### WHAT YOU SHOULD DO
Your reply should reproduce the data below without a single alteration, apart from dropping the images.

[Image-backed grounding data]

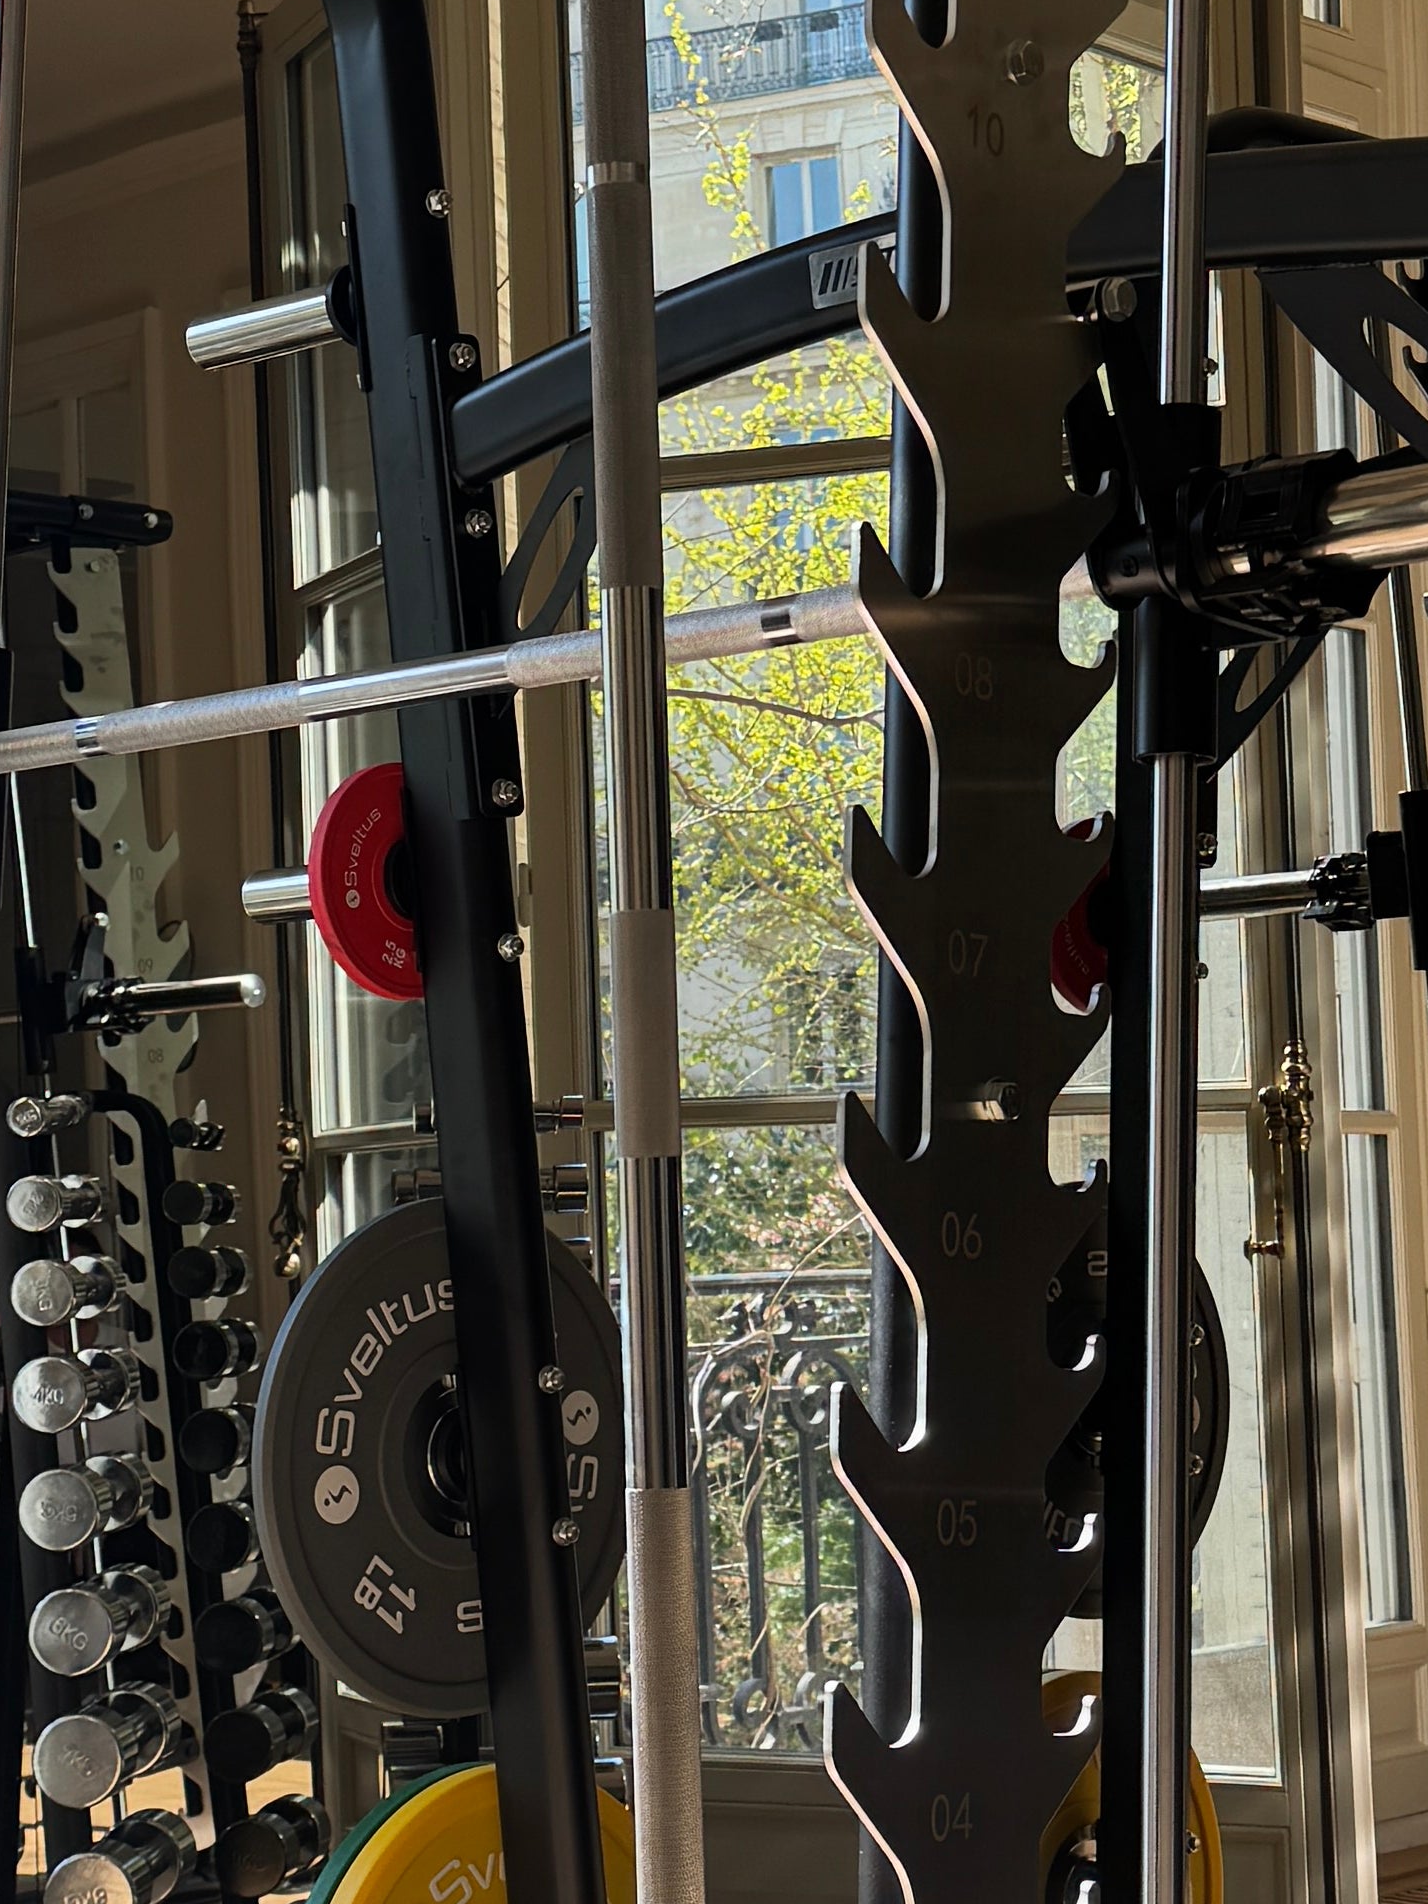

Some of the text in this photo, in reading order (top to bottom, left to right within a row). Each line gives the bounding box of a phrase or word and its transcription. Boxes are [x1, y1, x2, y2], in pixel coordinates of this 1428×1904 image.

[965, 104, 1005, 157] 10
[955, 653, 994, 700] 08
[344, 807, 381, 887] Sveltus
[381, 939, 397, 966] 2.5
[392, 948, 407, 970] KG
[948, 929, 989, 977] 07
[941, 1211, 982, 1259] 06
[936, 1498, 978, 1547] 05
[354, 1555, 394, 1611] LB
[376, 1583, 416, 1634] 11
[931, 1793, 973, 1842] 04

### RESPONSE TO THIS TASK
Some of the text in this photo, in reading order (top to bottom, left to right within a row). Each line gives the bounding box of a phrase or word and its transcription. Boxes are [x1, y1, x2, y2], in pixel coordinates of this 1428×1904 image.

[965, 104, 1005, 157] 10
[955, 653, 994, 700] 08
[344, 807, 381, 887] Sveltus
[381, 939, 397, 966] 2.5
[392, 948, 407, 970] KG
[948, 929, 989, 977] 07
[941, 1211, 982, 1259] 06
[936, 1498, 978, 1547] 05
[354, 1555, 394, 1611] LB
[376, 1583, 416, 1634] 11
[931, 1793, 973, 1842] 04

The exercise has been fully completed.